Les héros de cette histoire où la gloire, le déclin et la destruction des deux partenaires auront partie liée sont les banquiers juifs. Dans un cycle qui s'était ouvert vers le début du XVIIIème siècle et qui s'achèvera entre les deux guerres mondiales, leur apogée, leur effacement et leur disparition sont intimement liés à ceux de l'Etat-nation. L'âge d'or est relativement bref: le moment où ils ont presque le monopole de la garantie des activités économiques de l'Etat, bénéficiant de ce fait à la fois de l'égalité et de privilèges. Mais la faillite est plus rapide encore, dans la mesure où elle se confond avec l'avènement d'un impérialisme qui procède d'un surplus de capital largement obtenu par leurs soins et qui néanmoins les rend superflus, en même temps qu'il fait éclater les cadres étroits de l'Etat-nation. Un instant, les Juifs pourront encore préserver un pouvoir largement entamé grâce aux réseaux qu'ils tissent à travers l'Europe : dans une époque où l'on croit encore à l'équilibre des puissances, ils forment une société transnationale qui maintient des liens diplomatiques durant les guerres ; aussi longtemps du moins que celles-ci conservent la forme classique d'un conflit où l'on cherche à préserver les chances d'une paix. L'âge du totalitarisme commence précisément au moment où se détruit une forme de solidarité européenne qui avait survécu aux guerres: lorsque celles-ci en viennent à viser l'anéantissement total de l'ennemi ; quand il devient question de conquête planétaire. Désormais, non seulement les Juifs cessent d'être des médiateurs potentiels de compromis futurs, mais ils sont au premier rang de ce que veulent détruire les nouveaux régimes: une solidarité des nations européennes dont ils offrent le symbole. En l'affaire, ils ne sont donc pas aux yeux d'Arendt d'éternels boucs émissaires une fois encore objet de la haine des nations, mais les victimes désignées d'une histoire dont ils ont été l'un des agents. L'Etat-nation triomphant les avait consacrés dans un rôle économique ouvert et une influence politique discrète. L'impérialisme était venu marginaliser leur fortune et affaiblir leurs alliés. Au sein d'une Europe désunie et prête à l'effondrement, leur cosmopolitisme inquiète, une richesse devenue inutile les voue à la vindicte universelle, tandis que privés de pouvoir ils suscitent le mépris."

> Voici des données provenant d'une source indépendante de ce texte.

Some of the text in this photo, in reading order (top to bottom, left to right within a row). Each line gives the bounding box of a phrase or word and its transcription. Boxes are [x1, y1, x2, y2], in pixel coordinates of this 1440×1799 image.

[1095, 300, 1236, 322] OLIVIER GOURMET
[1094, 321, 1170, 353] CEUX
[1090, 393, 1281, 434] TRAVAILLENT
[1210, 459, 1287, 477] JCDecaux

-Pierre Bouretz, Introduction aux Origines du Totalitarisme.
"Tout au long du XIXème siècle, les sentiments antijuifs étaient très largement répandus dans les classes cultivés d'Europe, l'antisémitisme en tant qu'idéologie reste, à de rares exceptions près, l'apanage d'excentriques en général et de quelques fous en particulier."

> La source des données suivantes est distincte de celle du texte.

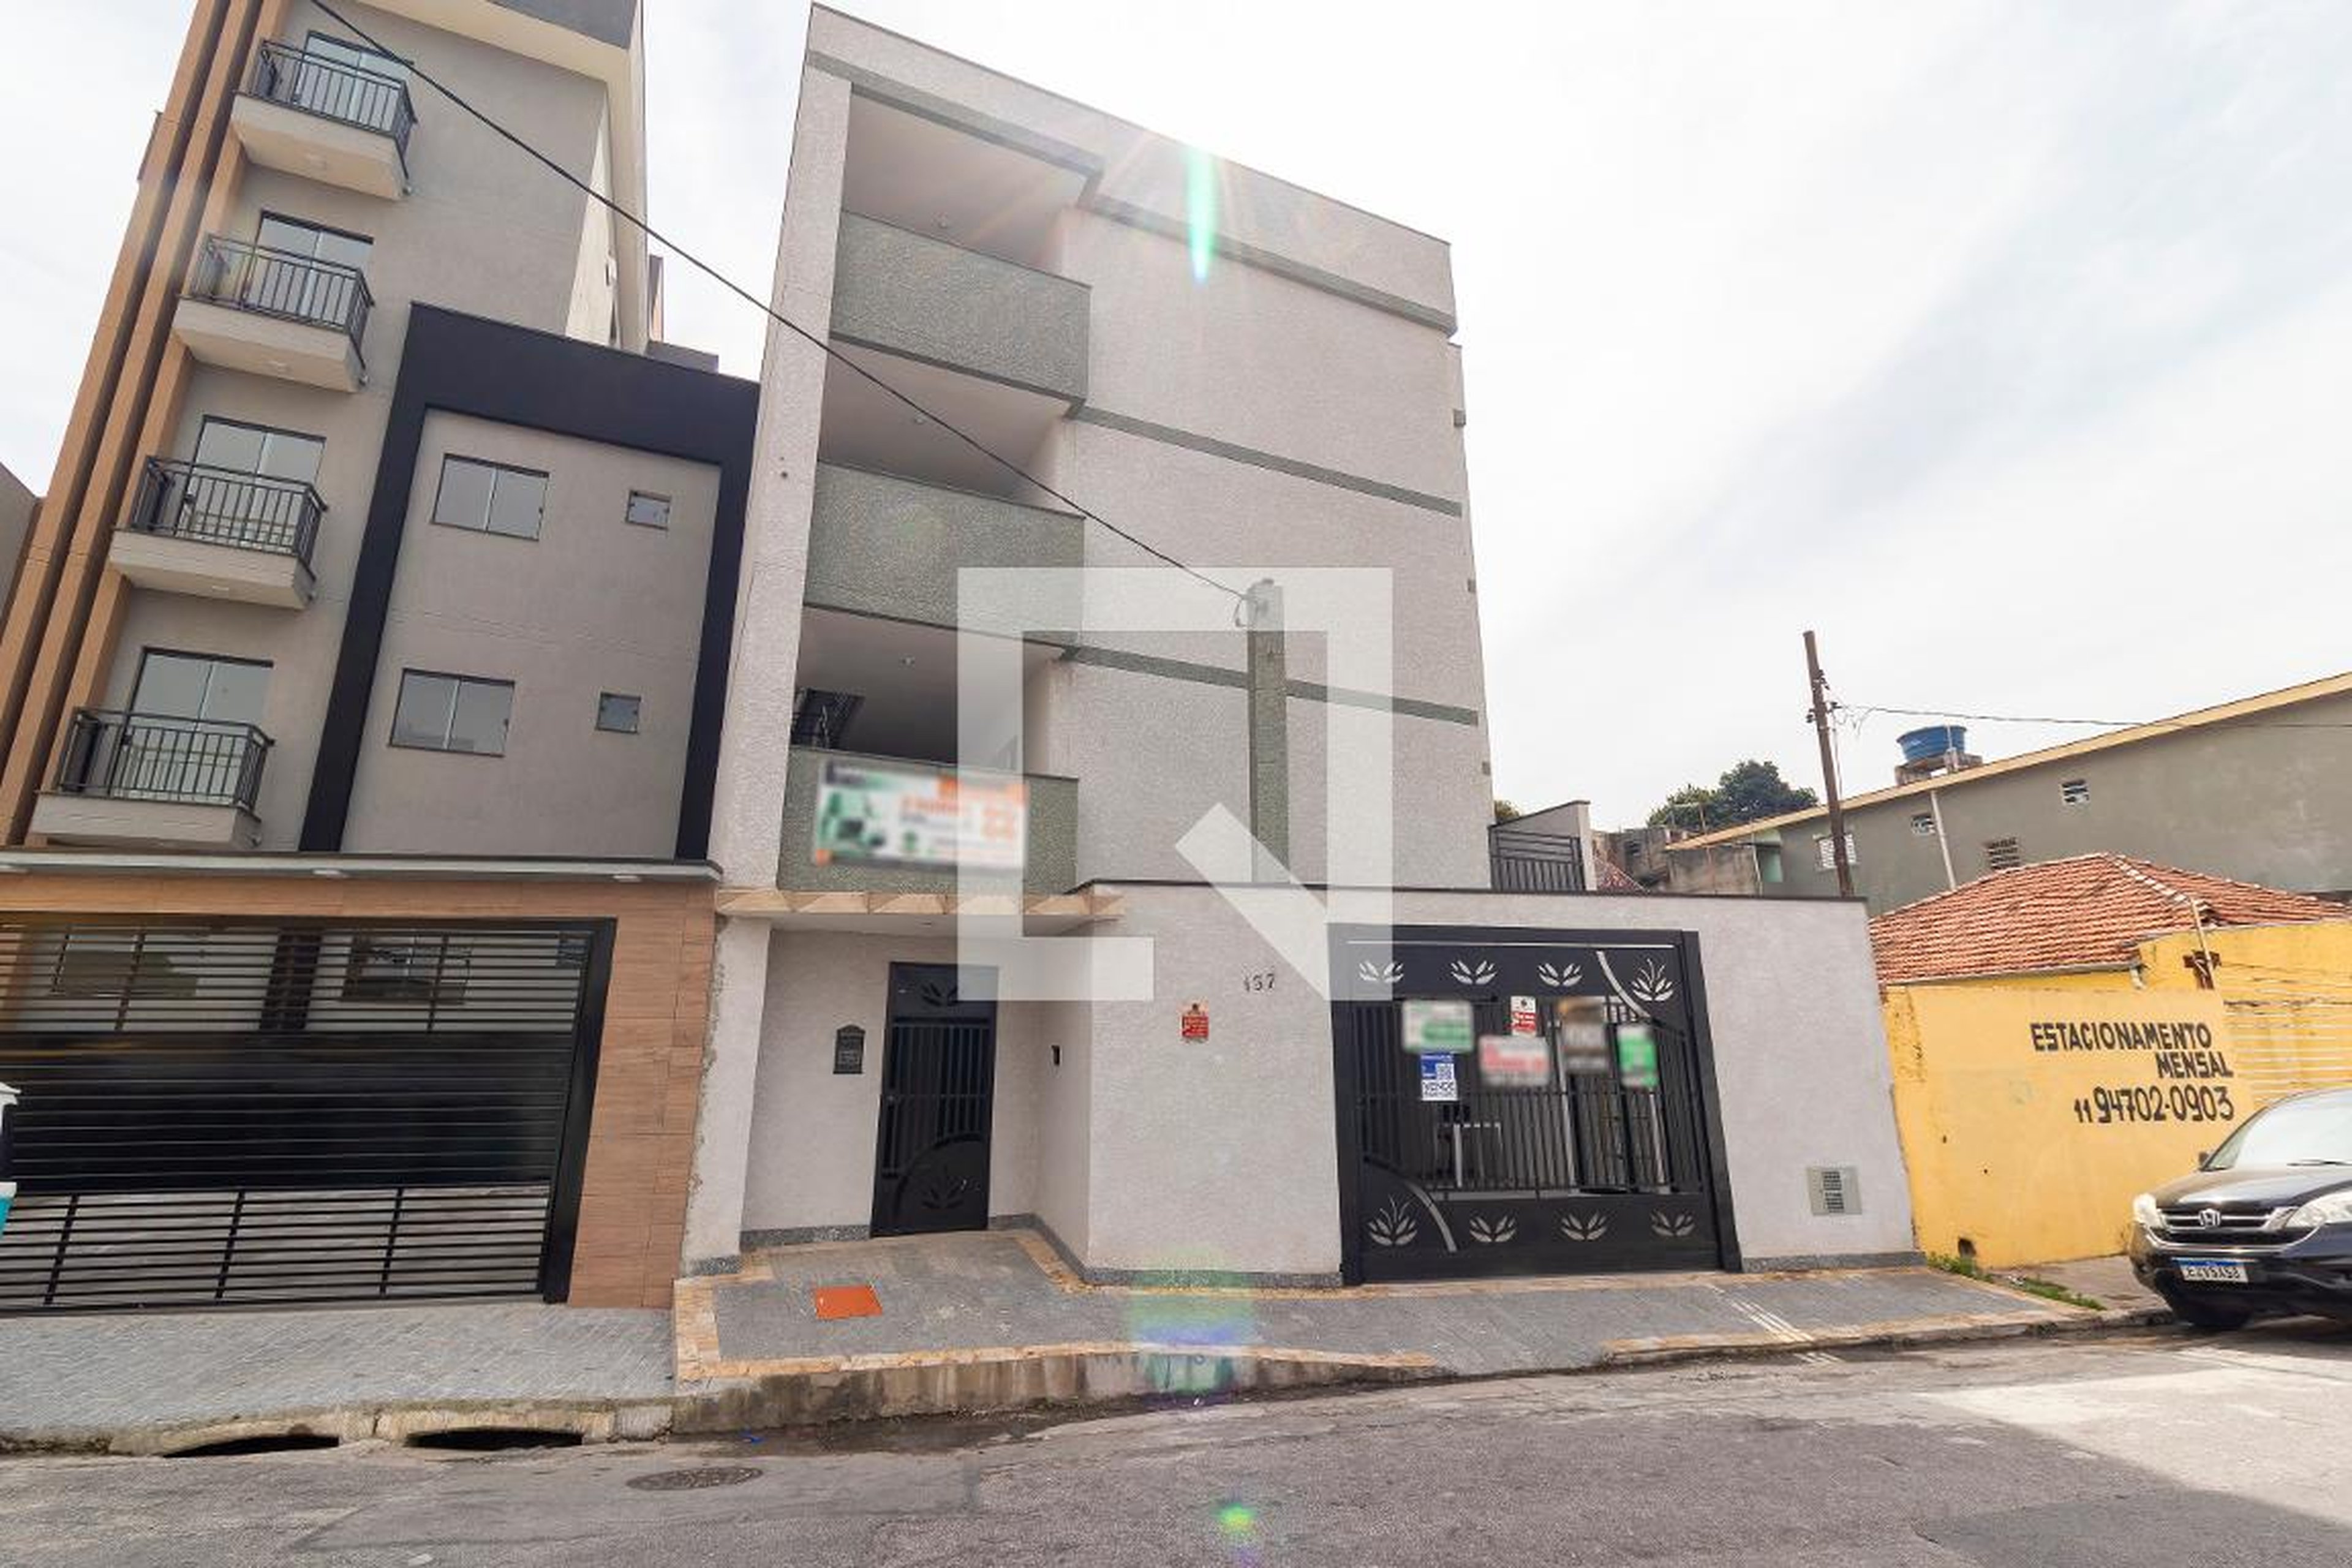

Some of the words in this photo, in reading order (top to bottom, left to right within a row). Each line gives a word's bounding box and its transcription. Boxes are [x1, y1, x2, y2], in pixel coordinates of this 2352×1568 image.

[2030, 1022, 2212, 1051] ESTACIONAMENTO
[2155, 1051, 2234, 1078] MENSAL
[2074, 1098, 2092, 1123] 11

"Comprendre [...] ne signifie pas nier ce qui est révoltant et ne consiste pas à déduire à partir de précédents ce qui est sans précédent ; ce n'est pas expliquer des phénomènes par des analogies et des généralités telles que le choc de la réalité s'en trouve supprimé."
-Hannah Arendt, préface à L'Antisémitisme, première partie des Origines du Totalitarisme.

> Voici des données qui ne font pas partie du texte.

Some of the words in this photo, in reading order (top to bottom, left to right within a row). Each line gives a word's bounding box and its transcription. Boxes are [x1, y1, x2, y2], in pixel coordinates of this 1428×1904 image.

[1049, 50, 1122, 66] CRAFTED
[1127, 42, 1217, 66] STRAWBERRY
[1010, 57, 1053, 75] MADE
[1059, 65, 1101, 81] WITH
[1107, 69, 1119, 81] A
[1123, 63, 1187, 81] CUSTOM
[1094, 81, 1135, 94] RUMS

"On ne peut pas expliquer de manière satisfaisante par une seule raison ou une seule cause des tendances générales, telle que la coïncidence du déclin de l'Etat-nation avec le développement de l'antisémitisme."
"Étudiant les causes de la haine violente des masses françaises pour l'aristocratie au moment où éclate la Révolution, une haine qui fit dire à Burke que la Révolution était davantage dirigée contre la "condition de gentilhomme" que contre l'institution monarchique, Tocqueville montre que le peuple français haïssait les aristocrates près de perdre leur pouvoir plus qu'il ne les avait jamais haïs auparavant, précisément parce que la perte rapide de leur pouvoir ne s'accompagnait pas d'un déclin équivalent de leur fortune. Aussi longtemps que l'aristocratie détint de grands pouvoirs en matière de juridiction, elle fut non seulement tolérée, mais respectée. Quand les nobles perdirent leurs privilèges, et en particulier le privilège d'exploiter et d'opprimer, le peuple vit en eux des parasites, sans aucune fonction réelle dans le gouvernement du pays. En d'autres termes, l'oppression et l'exploitation ne sont jamais en tant que telles le véritable motif du ressentiment ; la richesse sans fonction apparente est beaucoup plus intolérable parce que personne ne comprend pourquoi on devrait la tolérer.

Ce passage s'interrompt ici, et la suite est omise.